Stored records:
****

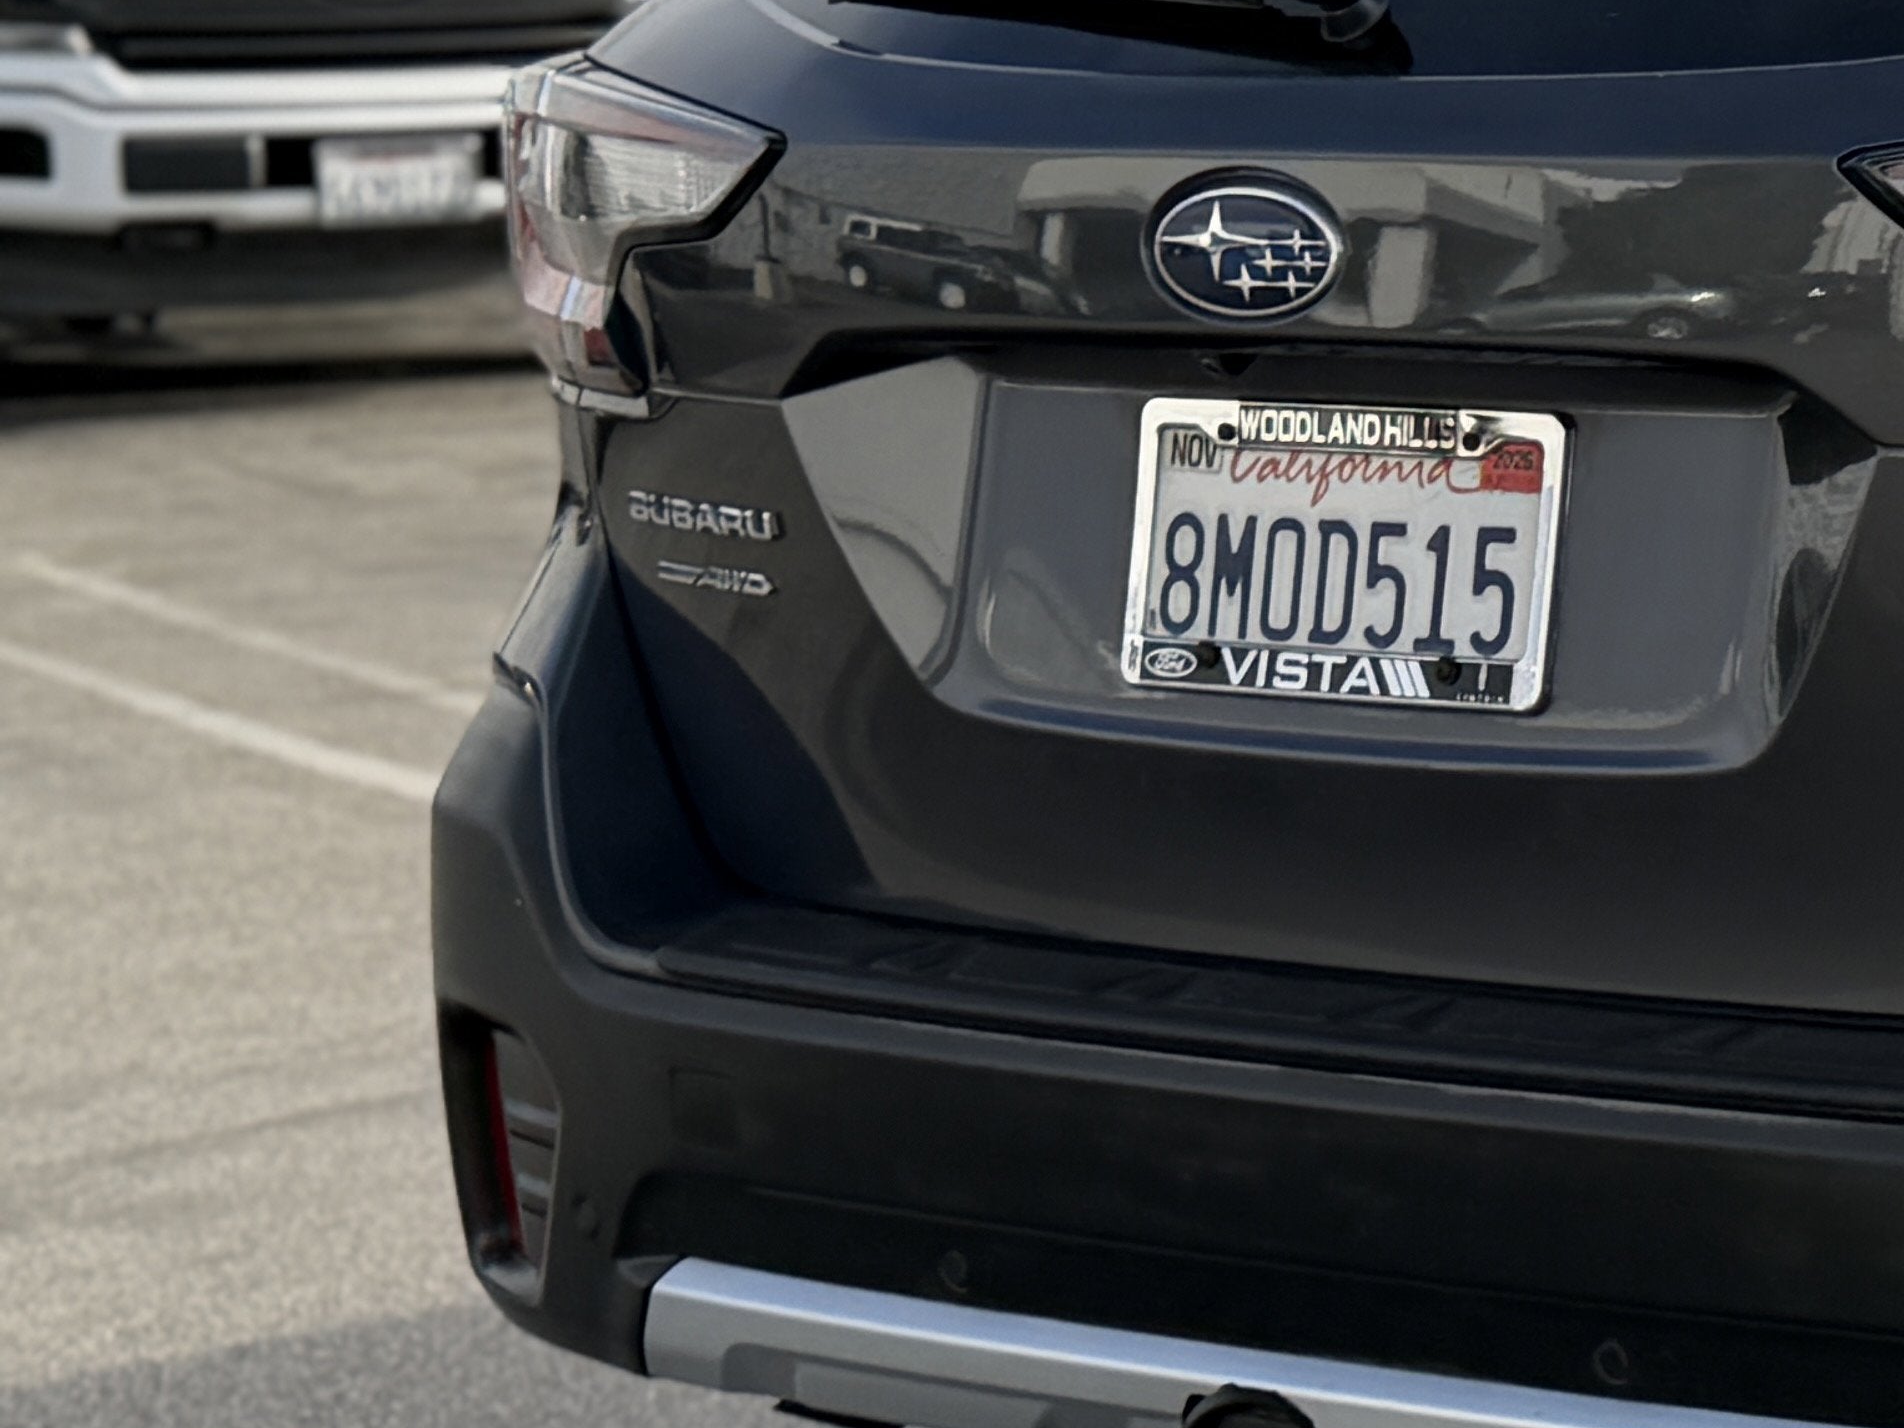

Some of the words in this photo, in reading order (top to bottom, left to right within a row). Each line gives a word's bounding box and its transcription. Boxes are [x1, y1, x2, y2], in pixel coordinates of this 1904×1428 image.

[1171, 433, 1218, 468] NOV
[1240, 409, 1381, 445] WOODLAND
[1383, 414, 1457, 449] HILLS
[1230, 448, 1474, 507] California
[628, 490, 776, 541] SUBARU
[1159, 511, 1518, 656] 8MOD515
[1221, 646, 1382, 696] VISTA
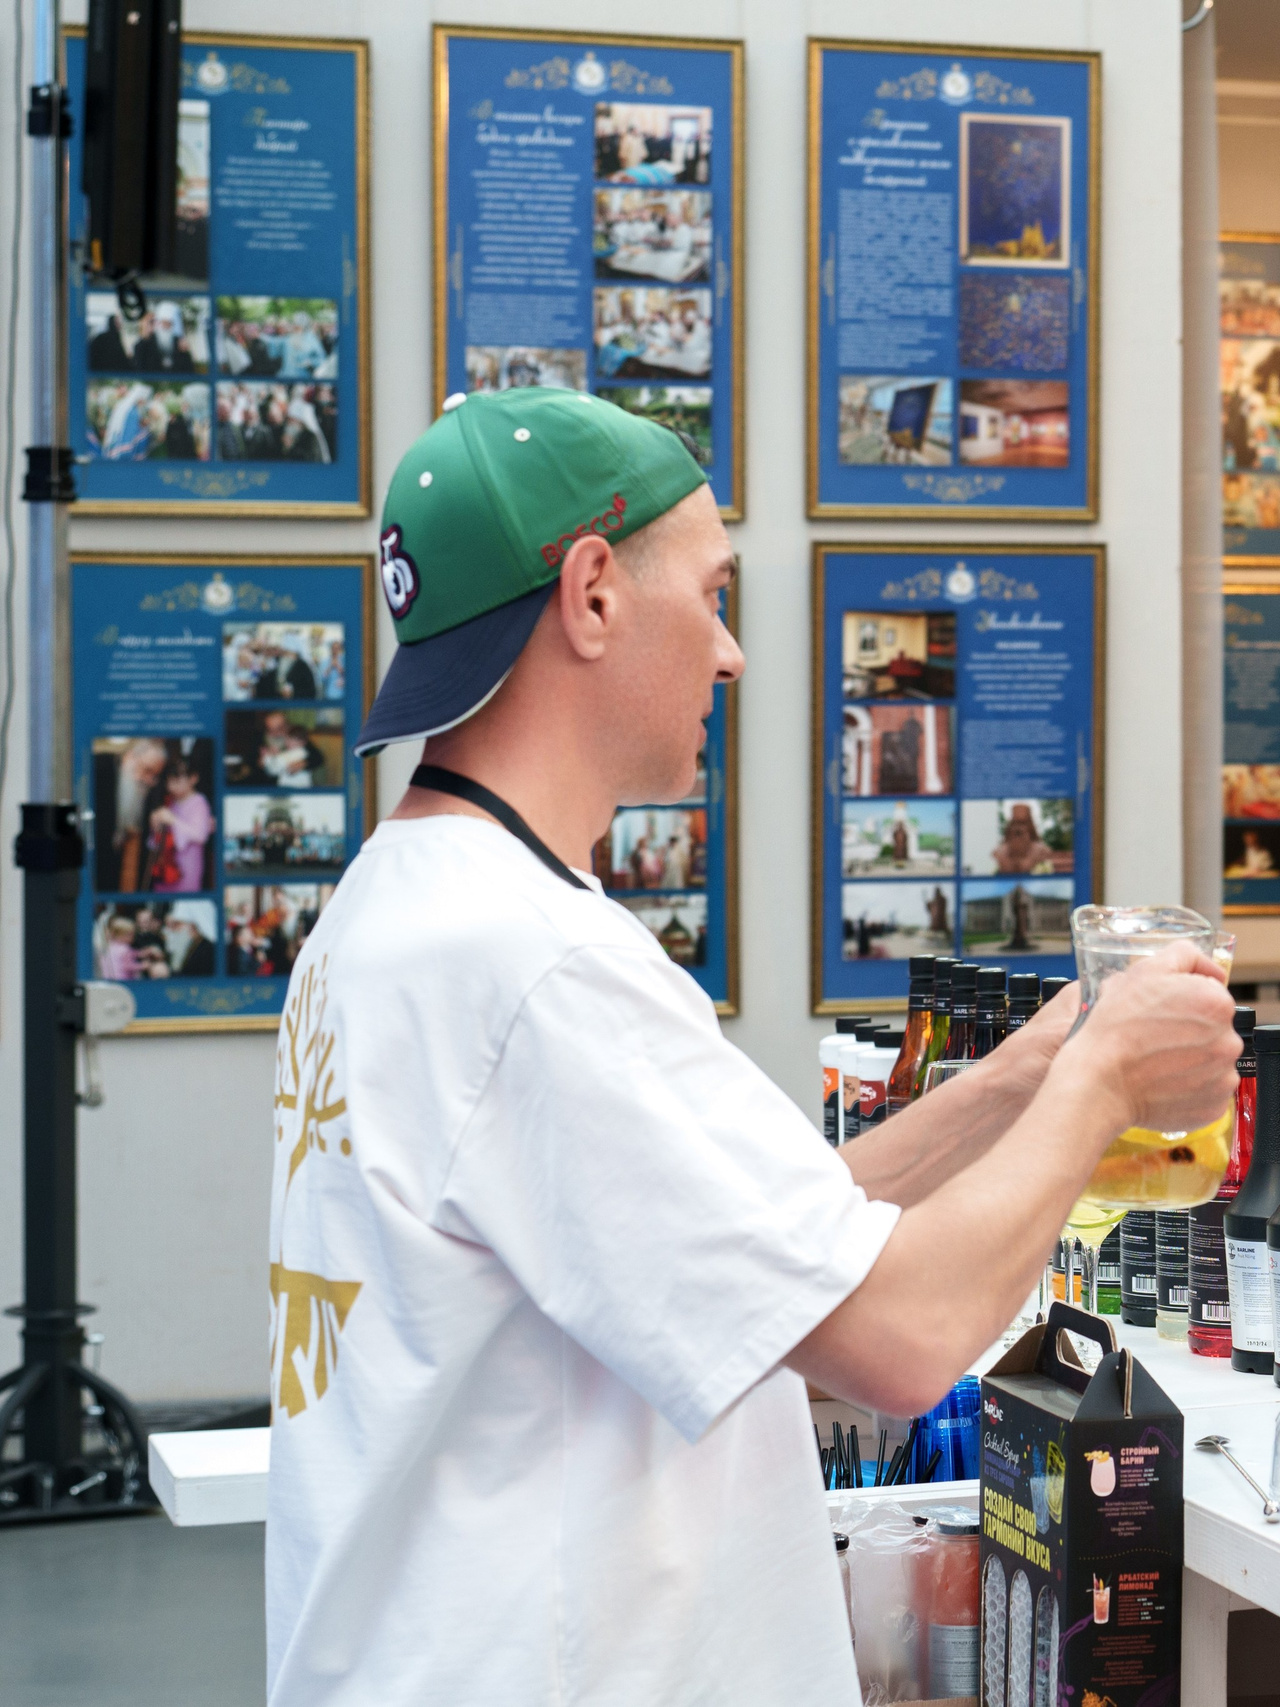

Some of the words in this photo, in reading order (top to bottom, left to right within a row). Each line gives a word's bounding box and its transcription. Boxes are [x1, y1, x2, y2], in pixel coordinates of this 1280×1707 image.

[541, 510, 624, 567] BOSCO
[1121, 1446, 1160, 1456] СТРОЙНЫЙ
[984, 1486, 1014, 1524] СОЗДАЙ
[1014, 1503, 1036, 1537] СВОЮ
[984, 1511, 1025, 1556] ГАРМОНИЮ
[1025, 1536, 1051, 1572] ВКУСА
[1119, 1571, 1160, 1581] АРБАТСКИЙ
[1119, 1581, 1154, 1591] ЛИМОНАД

****

### Problem
Each line above is to be copied exactly, and the pictures are to be dropped.

### Response below
Some of the words in this photo, in reading order (top to bottom, left to right within a row). Each line gives a word's bounding box and its transcription. Boxes are [x1, y1, x2, y2], in pixel coordinates of this 1904×1428 image.

[1171, 433, 1218, 468] NOV
[1240, 409, 1381, 445] WOODLAND
[1383, 414, 1457, 449] HILLS
[1230, 448, 1474, 507] California
[628, 490, 776, 541] SUBARU
[1159, 511, 1518, 656] 8MOD515
[1221, 646, 1382, 696] VISTA

Some of the words in this photo, in reading order (top to bottom, left to right within a row). Each line gives a word's bounding box and its transcription. Boxes are [x1, y1, x2, y2], in pixel coordinates of this 1280×1707 image.

[541, 510, 624, 567] BOSCO
[1121, 1446, 1160, 1456] СТРОЙНЫЙ
[984, 1486, 1014, 1524] СОЗДАЙ
[1014, 1503, 1036, 1537] СВОЮ
[984, 1511, 1025, 1556] ГАРМОНИЮ
[1025, 1536, 1051, 1572] ВКУСА
[1119, 1571, 1160, 1581] АРБАТСКИЙ
[1119, 1581, 1154, 1591] ЛИМОНАД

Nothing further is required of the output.